What’s more is, whether you’re talking about food or critical healthcare supply chains, “there is the potential that third, fourth and fifth parties have ownership that are on sanctions lists and not operating in the best interests of the United States,” says Atul Vashistha, founder and chairman, Supply Wisdom. “This review, if done properly, will not only provide greater visibility into supply chain disruption risks, but also ownership risks in terms of who are the beneficial owner parties in the supply chain. This process needs to be continual to ensure resilience.”
Furthermore, U.S. supply chains are a national security issue, which is why the Executive Order on supply chains is long overdue, says James Crean, co-founder and CTO of CREAN, Inc. [CLICK HERE to read Part 4].
“It started with Trump’s emphasis on bringing the supply chain home from China and the importance of bringing manufacturing home to the United States. It’s good to see that there’s an ongoing, bi-partisan focus on this important issue,” he adds. “Having a strong and local supply chain is essential to national security, whether food, medicine, PPE or other essential goods, it’s imperative that we maintain more control. The success of America’s vaccine rollout is proof that having the supply chain in states can make a huge difference and gives us the leverage in a competitive marketplace.”
And, if done right, the 100-day review will provide better visibility and a greater understanding of the supply chain landscape and who the players are in the cold supply chain, according to Bindiya Vakil, co-founder and CEO of Resilinc and overall winner of Supply & Demand Chain Executive’s Women in Supply Chain award.
“And, that visibility is the key to being able to make informed decisions and offsetting potential disruptions,” she adds.
Plus, food and vaccine supply chains don’t always run at peak efficiency, adds Jim Bureau, CEO of JAGGAER.
“Doing an in-depth review of these critical supply chains could uncover optimization opportunities and instances where production and distribution can be safely expedited,” he adds.
This 100-day review will hopefully bring to surface a myriad of challenges and pain points that result from a lack of visibility throughout global, complex supply chains, says Michael Rabinowitz, founder and CEO, CoEnterprise.
“The hope is the review will provide a roadmap, putting more concrete guidelines and technology recommendations in place for organizations to improve their operations and achieve the speed and agility needed for critical products,” Rabinowitz says.

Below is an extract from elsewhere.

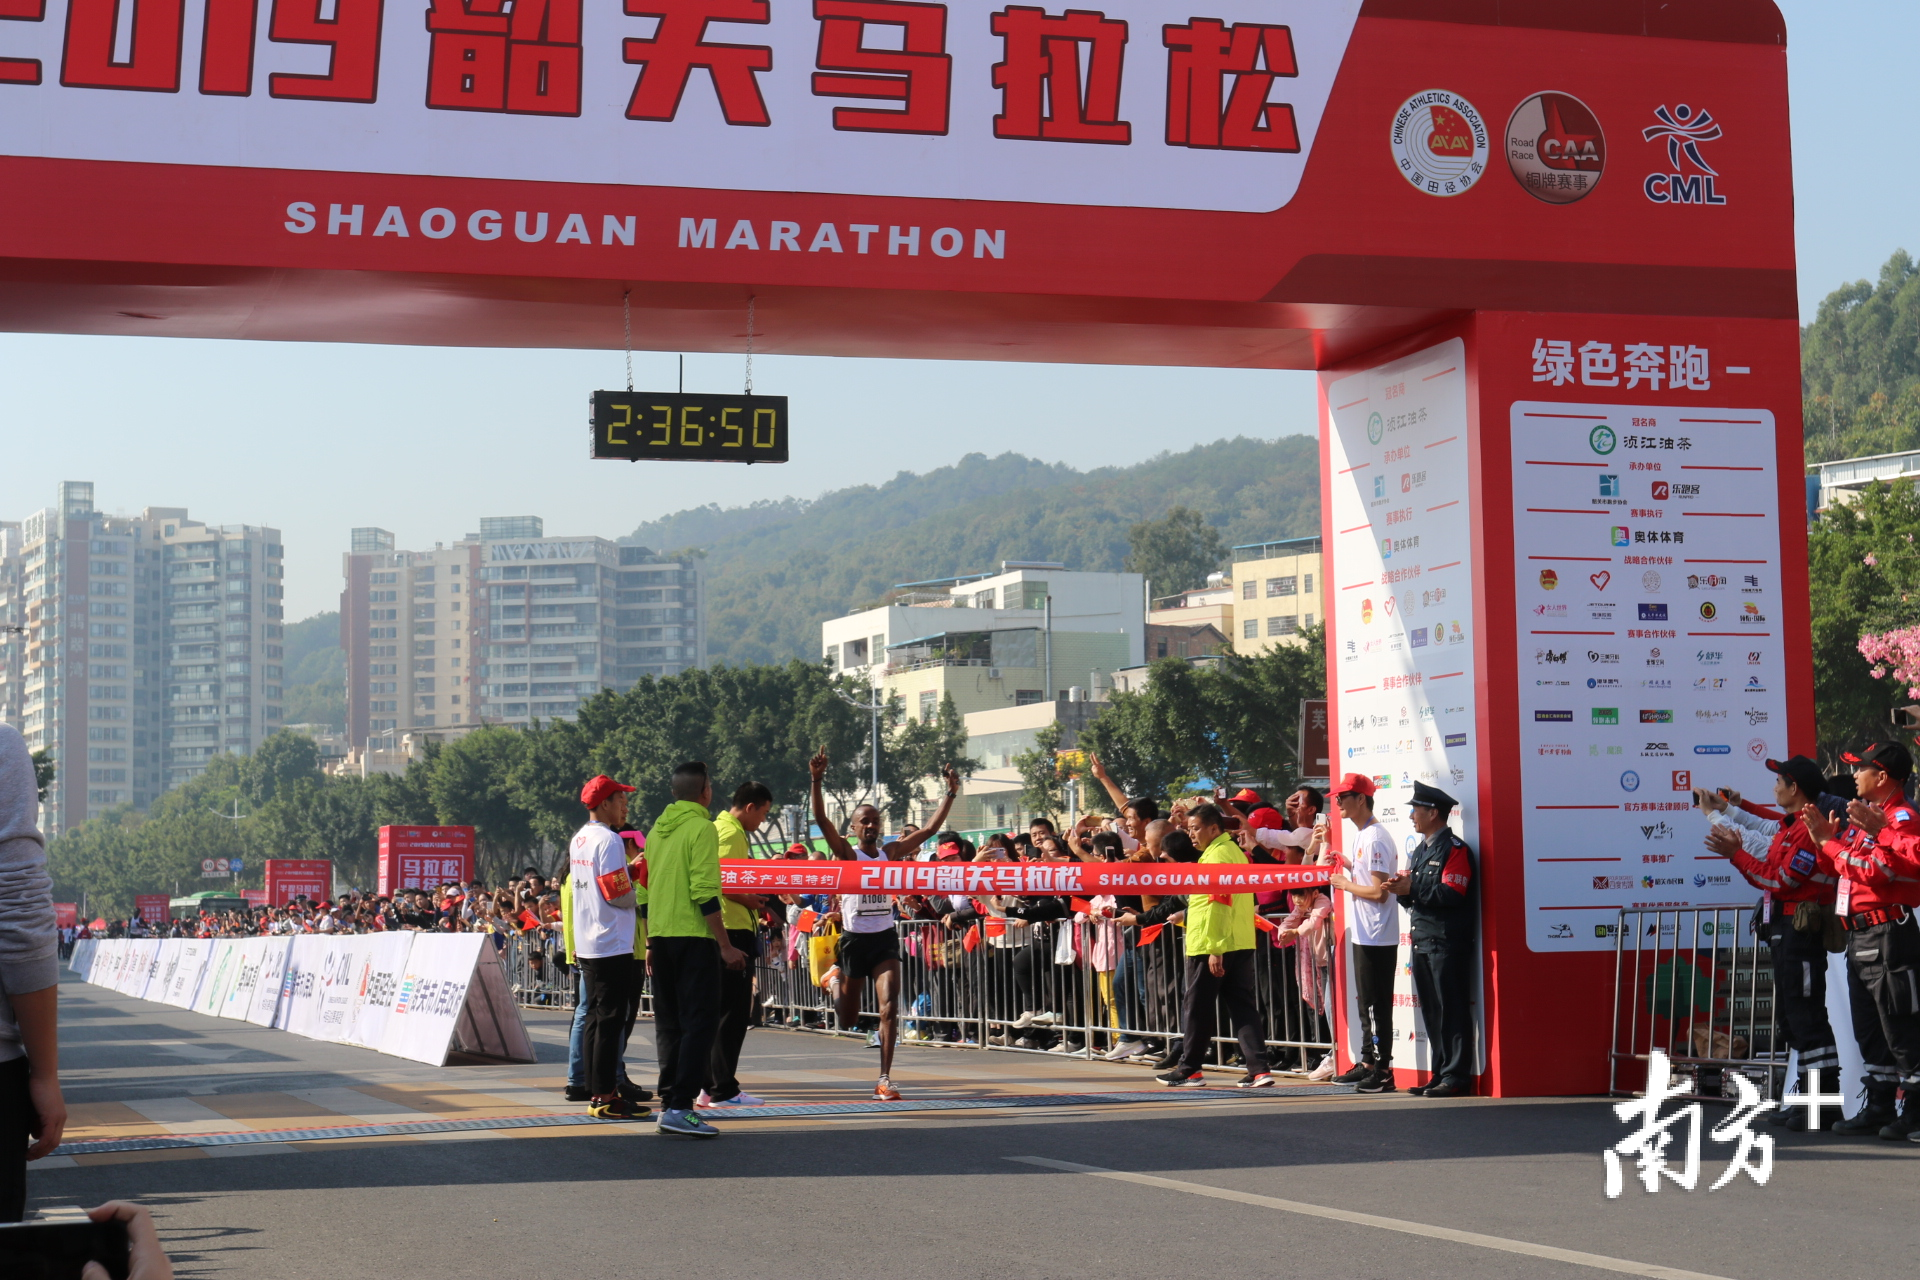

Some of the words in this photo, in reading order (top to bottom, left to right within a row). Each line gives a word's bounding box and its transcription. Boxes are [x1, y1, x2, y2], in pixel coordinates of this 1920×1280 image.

While we’re all unsure as to what supply chain disruption will hit next (let’s face, supply chain disruptions will continue to happen), arming your team and your company with the right tools and solutions to plan, prepare, recover and succeed is necessary in overcoming what may lie ahead. And doing so may require some reassessing as to how your company moves product up and down the supply chain, and whether or not those materials, ingredients and inventory are lost along the way.